USA Basketball, Department of Defense Host Successful Leadership Seminar
Las Vegas — Sitting before bleachers full of Air Force servicemen and women flanked by a pair of fighter jets, the first thing USA Men’s National Team coach Mike Krzyzewski did was fess up.
“We came here to apologize for stealing from you,” he joked.
When he and USA Basketball chairman and National Team managing director Jerry Colangelo started 10 years ago and were looking for a culture to emulate, Krzyzewski explained, they could think of none better than the United States armed forces. It’s proven to be a good decision.
On Thursday afternoon, Krzyzewski and Colangelo joined Chairman of the Joint Chiefs of Staff General Martin E. Dempsey on stage at Nellis Air Force Base for a Leadership Seminar as part of USA Basketball’s Hoops For Troops and the Department of Defense’s Commitment to Service initiatives. In a panel moderated by ESPN college basketball analyst Jay Bilas, the trio spent more than an hour sharing lessons, insights and taking questions on what has made them successful leaders.
Colangelo looked at the men assembled together, who have each risen to the top of their professions from disparate upbringings and circumstances, and determined that a big part of it was taking advantage of the opportunities uniquely available in the United States.
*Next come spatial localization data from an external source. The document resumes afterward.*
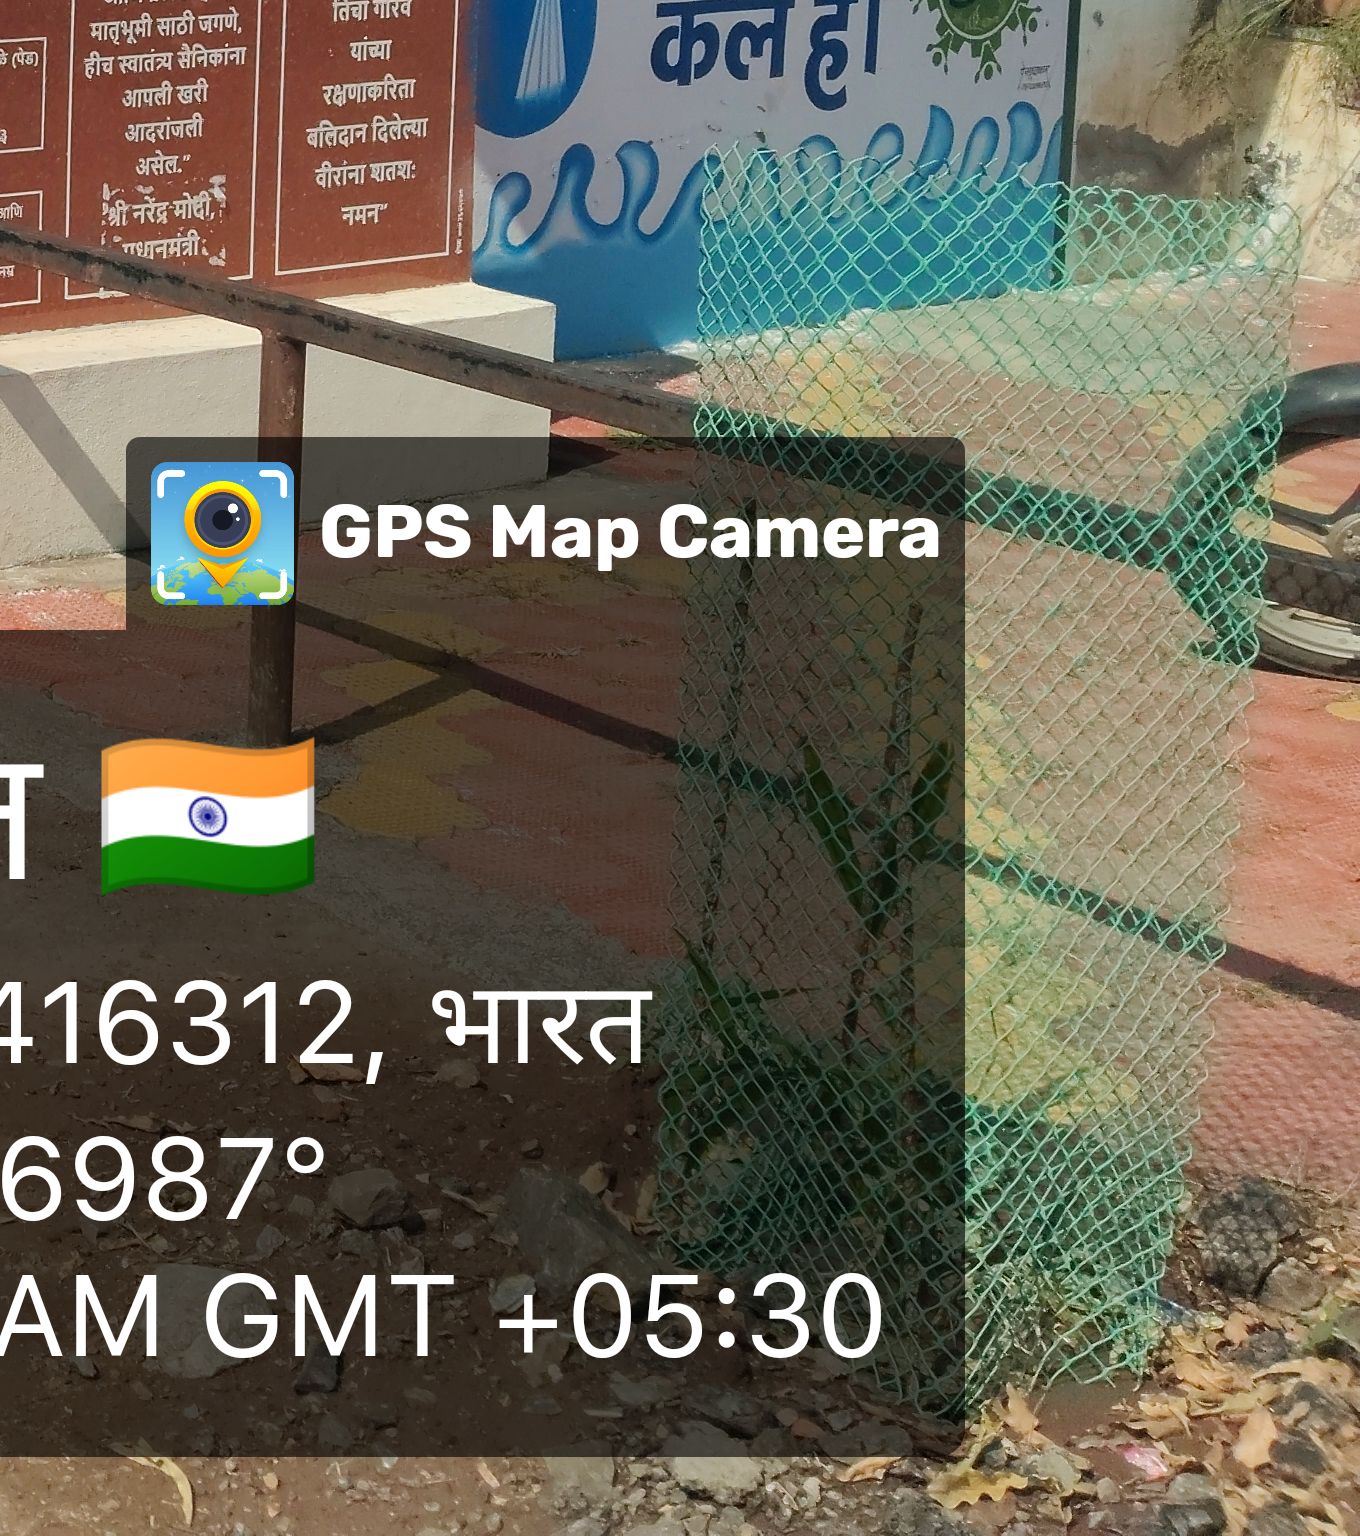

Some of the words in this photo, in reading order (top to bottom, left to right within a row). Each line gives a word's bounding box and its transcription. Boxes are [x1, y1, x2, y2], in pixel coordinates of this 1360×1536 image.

[88, 12, 153, 46] मातृभूमी
[156, 9, 196, 37] साठी
[198, 6, 243, 34] जगणे,
[12, 47, 39, 69] (पेड)
[84, 50, 114, 80] हीच
[117, 48, 174, 74] स्वातंत्र्य
[177, 42, 247, 69] सैनिकांना
[349, 35, 393, 61] यांच्या
[122, 80, 173, 108] आपली
[176, 77, 209, 104] खरी
[322, 73, 417, 106] रक्षणाकरिता
[124, 112, 205, 143] आदरांजली
[306, 119, 368, 148] बलिदान
[371, 113, 429, 143] दिलेल्या
[315, 160, 367, 189] वीरांना
[370, 160, 416, 183] शतशः
[108, 198, 129, 227] श्री
[131, 195, 170, 225] नरेंद्र
[173, 190, 216, 221] मोदी,
“In this country, it doesn’t matter where you are, who you are, what your beginnings are,” Colangelo said. “The sky’s the limit.”
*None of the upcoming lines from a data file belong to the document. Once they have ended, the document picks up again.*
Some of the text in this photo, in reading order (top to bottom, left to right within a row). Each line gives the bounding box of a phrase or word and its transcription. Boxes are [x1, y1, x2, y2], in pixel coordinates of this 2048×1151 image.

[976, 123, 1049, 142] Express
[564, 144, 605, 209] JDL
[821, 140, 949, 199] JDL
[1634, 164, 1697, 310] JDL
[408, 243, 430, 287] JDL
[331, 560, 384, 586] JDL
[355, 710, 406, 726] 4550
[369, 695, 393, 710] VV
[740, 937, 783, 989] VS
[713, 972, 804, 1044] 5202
Krzyzewski, who has won five national championships at Duke, got his start in college basketball as an enlisted man at West Point Academy. The lessons learned from that time have lingered throughout his career, and one of them is how to go beyond motivation.
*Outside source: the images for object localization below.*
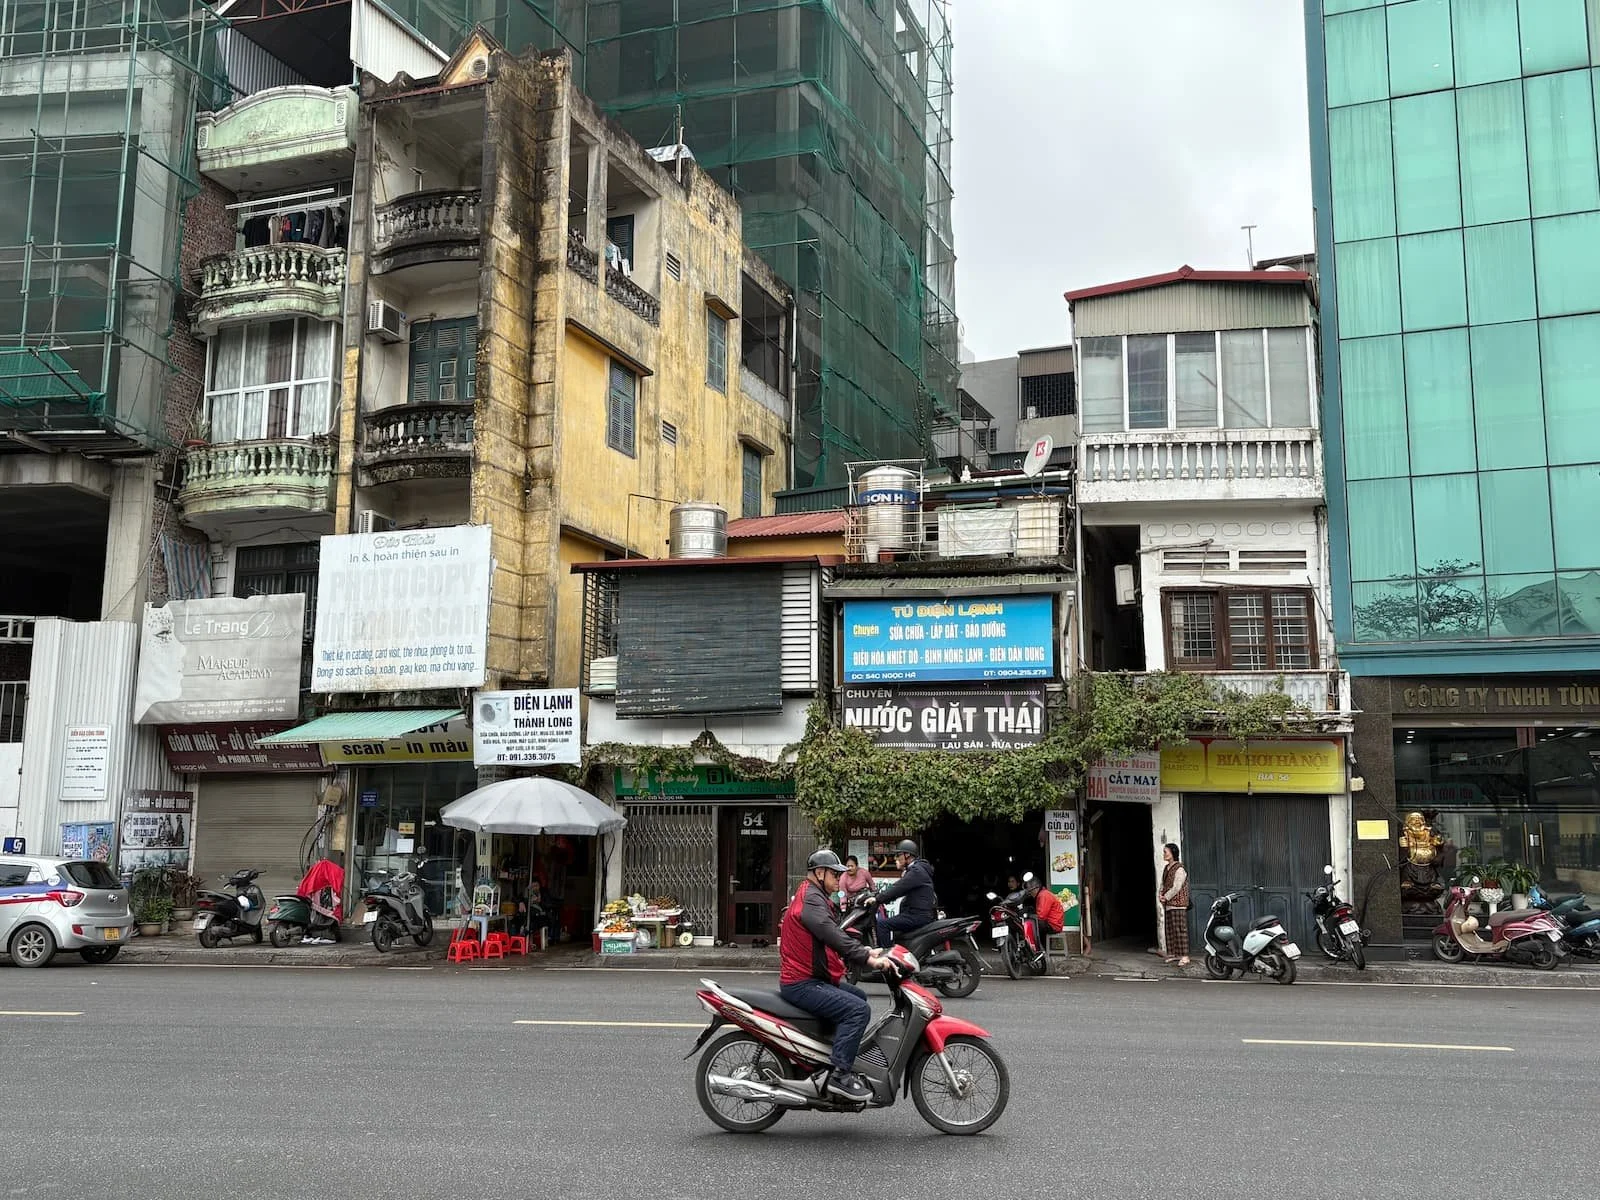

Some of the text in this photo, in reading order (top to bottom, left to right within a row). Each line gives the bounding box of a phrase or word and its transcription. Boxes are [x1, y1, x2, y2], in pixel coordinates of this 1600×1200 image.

[349, 554, 359, 563] In
[430, 549, 447, 557] sau
[450, 546, 459, 556] in
[958, 603, 1003, 618] LẠNH
[205, 620, 249, 639] Trang
[846, 688, 893, 698] CHUYÊN
[1404, 684, 1459, 707] CÔNG
[1465, 687, 1489, 706] TY
[1494, 687, 1550, 706] TNHH
[514, 692, 573, 714] ĐIỆN LẠNH
[513, 715, 573, 729] THÀNH LONG
[846, 700, 1041, 739] NƯỚC GIẶT THÁI
[192, 731, 220, 754] NHẬT
[342, 739, 468, 755] scan in màu
[1132, 759, 1156, 769] Nam
[1217, 751, 1329, 771] BIA HƠI HÀ NỘI
[1109, 771, 1158, 786] CẮT MAY
[1256, 773, 1274, 782] BIA
[743, 811, 764, 827] 54
[862, 825, 878, 837] PHÊ
“Even the most motivated person can go to another level of devotion by being inspired,” Krzyzewski said. “That’s what inspiration does. It takes you to a higher level, and you don’t go there alone. You go there with your sisters and brothers.”
Dempsey has served the United States military for more than 40 years, a tenure that officially ends on Sept. 30. He can feel the countdown ticking away as Thursday was his last scheduled visit with troops.
The end has made Dempsey reflect more on his career and appreciate some of the little things such as putting on the uniform. It’s a simple but important process, one that Dempsey told the crowd — and Krzyzewski also told his players — to take time to reflect on.
Dempsey said he had that appreciation early in his career, lost it a bit in the middle and has regained it down the stretch. Being a leader requires expertise, humility and courage, Dempsey explained, but there’s something extra that small things like the uniform can bring out of people who strive to lead no matter their current position.
"You all are incredibly competent at what you do. The best of you also feel it,” Dempsey said. “I hope if you don’t remember anything else from today you remember that, the importance of not only being exceptional at what you do but feeling how important it is and how proud you should be to do it.”
That sense of “feel” is something Dempsey described in his talk earlier in the day in a small meeting room with members of the USA Men’s National Team. First Krzyzewski played the team’s fight song — a highlight video intertwined with Marvin Gaye’s celebrated 1983 performance of the national anthem — and then Dempsey emphasized the meaning of placing your hand over your heart during its playing.
It’s not just about saluting the flag, he said, but it honors the ideals and foundations the country was built on. It’s a small gesture, yet when seen by servicemen and women across the world it has the power to unite everyone in a common cause.
Speaking later at Nellis, Dempsey told the group that he could tell the players really internalized his message. Usually, even if a person as adept at leading a group is confident they were heard in a meaningful way, there’s no guarantee their words had the desired effect.
In this case, there was proof. When the anthem played before Thursday night’s exhibition game, every single player placed his right hand over his heart.